MVP2110 wrote:skones wrote:MVP2110 wrote:
You're acting like me pointing out that Watson has been bad in contested catch situations(and in general) is some sort of controversial opinion when a large majority of Packer fans would agree with that statement.
That's not what's happening here. In fact, no one is saying Watson is good. We're pointing to specific plays. You're just being stubborn and refusing to acknowledge them because you don't like to blame Jordan Love for anything. That's why when asked if you think he should jump higher by insisting that was an actual contested catch "opportunity" you came over the top with rando tweets like I can't find a million of them that say Jordan Love can't hit the broad side of a barn.

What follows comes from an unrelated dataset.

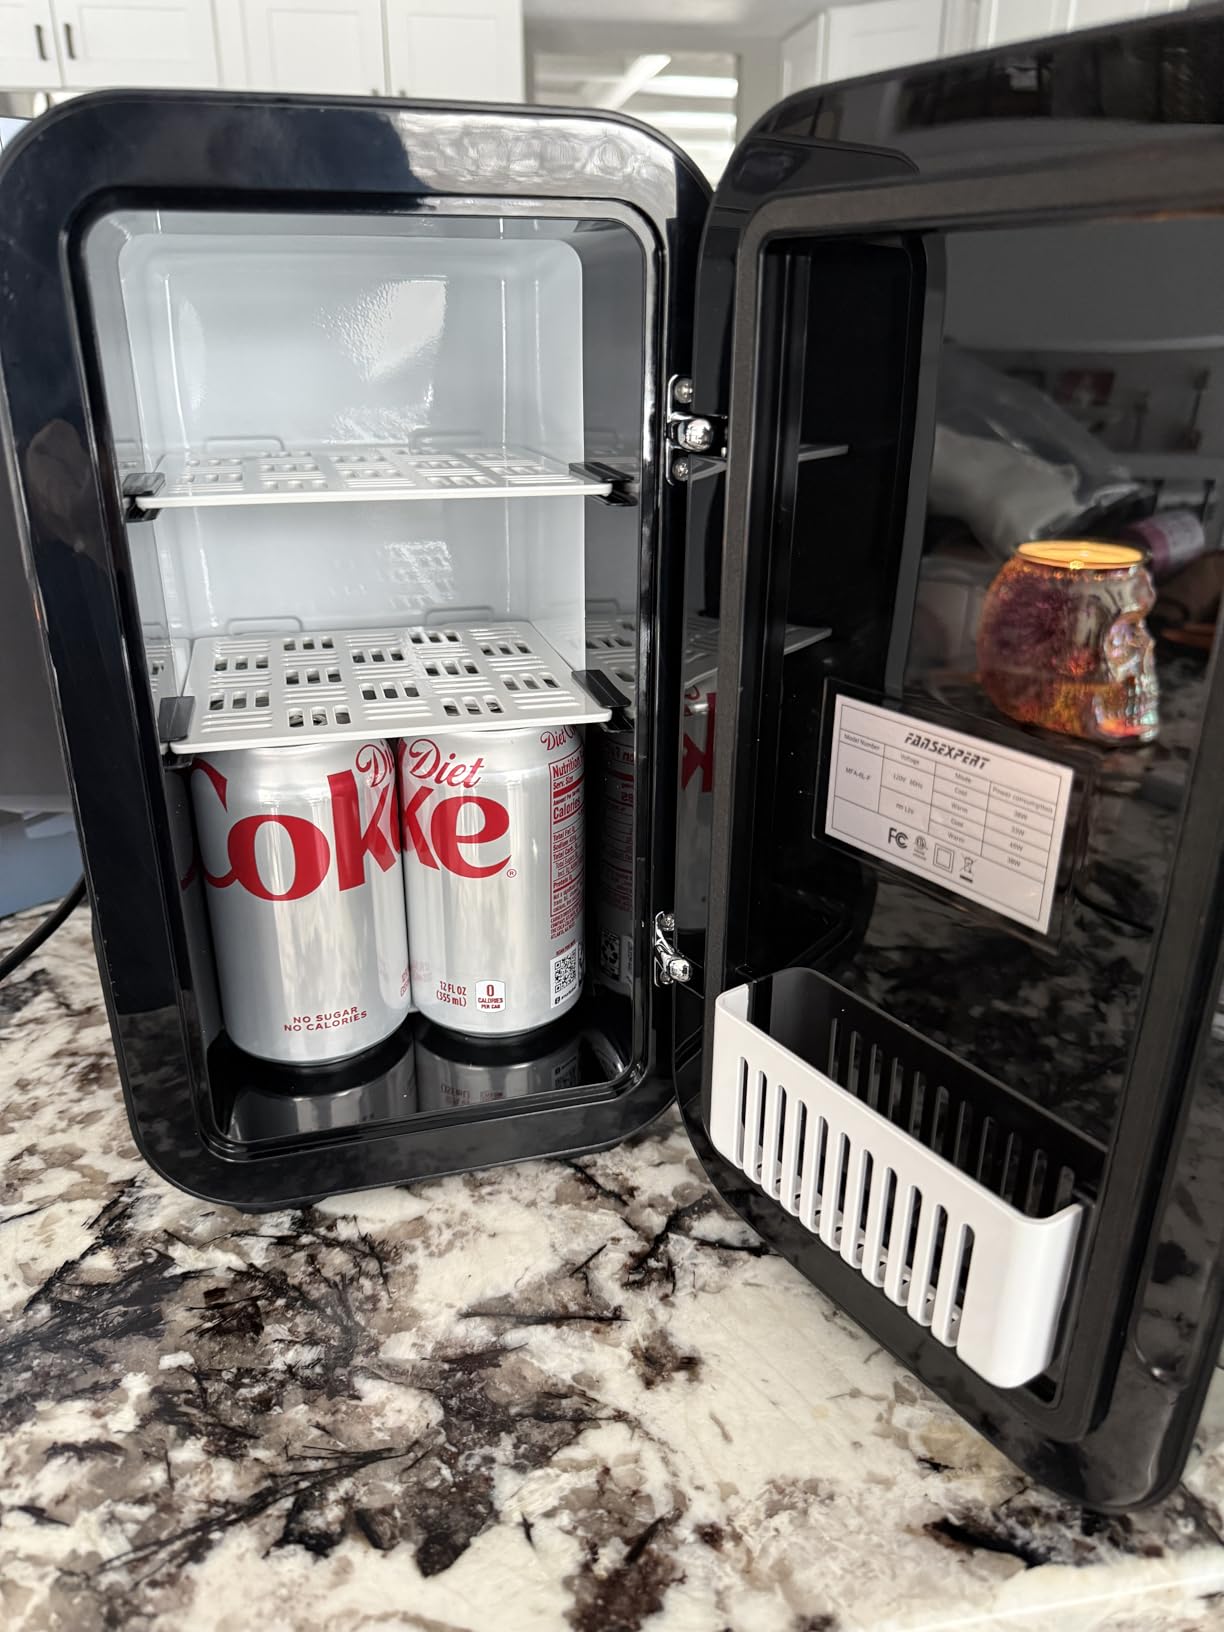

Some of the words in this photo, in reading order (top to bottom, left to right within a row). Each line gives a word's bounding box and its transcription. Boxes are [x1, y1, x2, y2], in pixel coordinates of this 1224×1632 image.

How many times do I have to say this has absolutely nothing to do with Jordan Love. Several of these plays are contested because of a bad throw by Love. I'm comparing Watson to the other WRs on the roster who are also playing with Jordan Love. Jordan Love is a constant in this equation for every WR.

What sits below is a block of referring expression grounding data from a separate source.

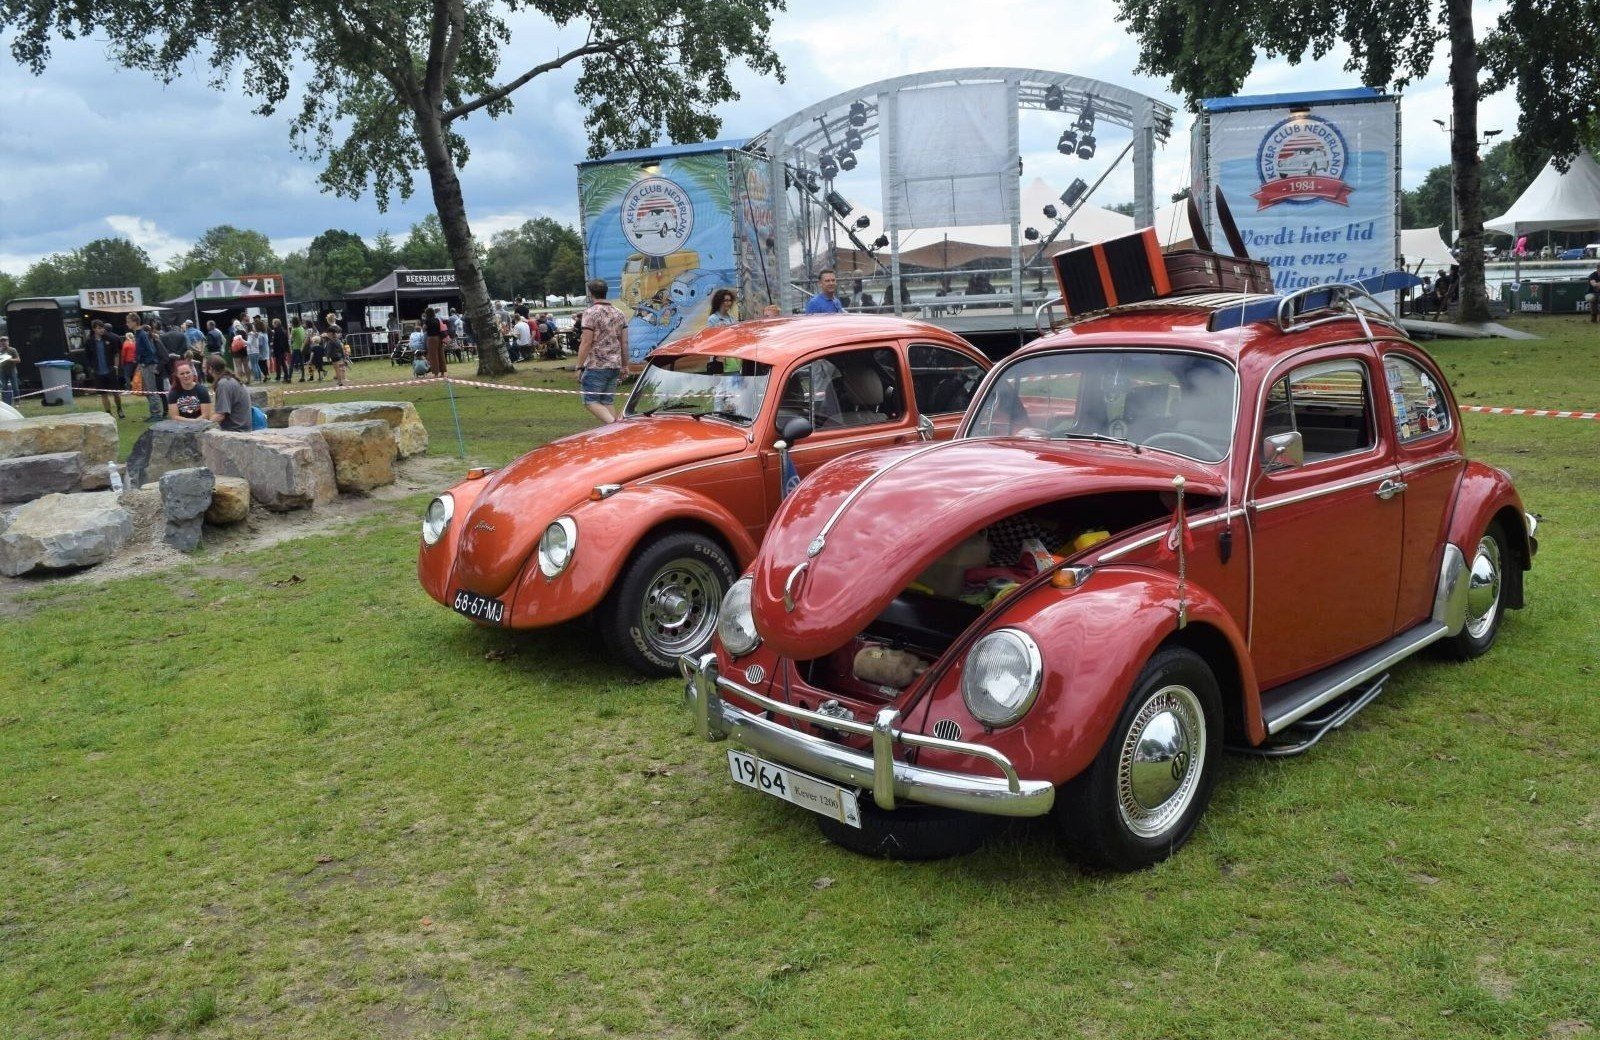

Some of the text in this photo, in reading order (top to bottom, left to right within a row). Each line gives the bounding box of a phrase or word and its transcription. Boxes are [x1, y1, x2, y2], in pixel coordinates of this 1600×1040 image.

[1265, 124, 1341, 179] KEVER CLUB NEDERLAND
[1289, 181, 1315, 192] 1984
[627, 184, 687, 239] KEVER CLUB NEDERLAND
[1300, 225, 1341, 244] hier
[1346, 221, 1374, 241] lid
[1300, 251, 1347, 266] onze
[202, 277, 276, 299] PIZZA
[406, 274, 456, 283] BEEFBURGERS
[87, 289, 135, 306] FRITES
[454, 592, 504, 622] 68-67-MJ
[734, 756, 786, 796] 1964
[794, 785, 817, 802] Kever

You were all about aDOT affecting completion percentage earlier this year, and Watson leads that category with players with 30 or more targets this season by a WIDE margin. But that doesn't fit your narrative, so you've thrown that out, equalized all route trees and opportunities among all receivers even though that's not a thing, and pointed explicitly to a rating when targeted, and ignored context.
Receivers DON'T receive the same type of targets. That's why they have different names, X, Z, and slot.
Watson isn't good. He's an athletic dude who can run in a straight line. That's his skill set. Love struggles down field, he struggles on the boundary, and we saw what an accurate QB who had his own issues because of injury, make use of that skill set last season. The blame falls on both, but blindly just attributing it to Watson being bad, as stated, ignores the other side of the coin.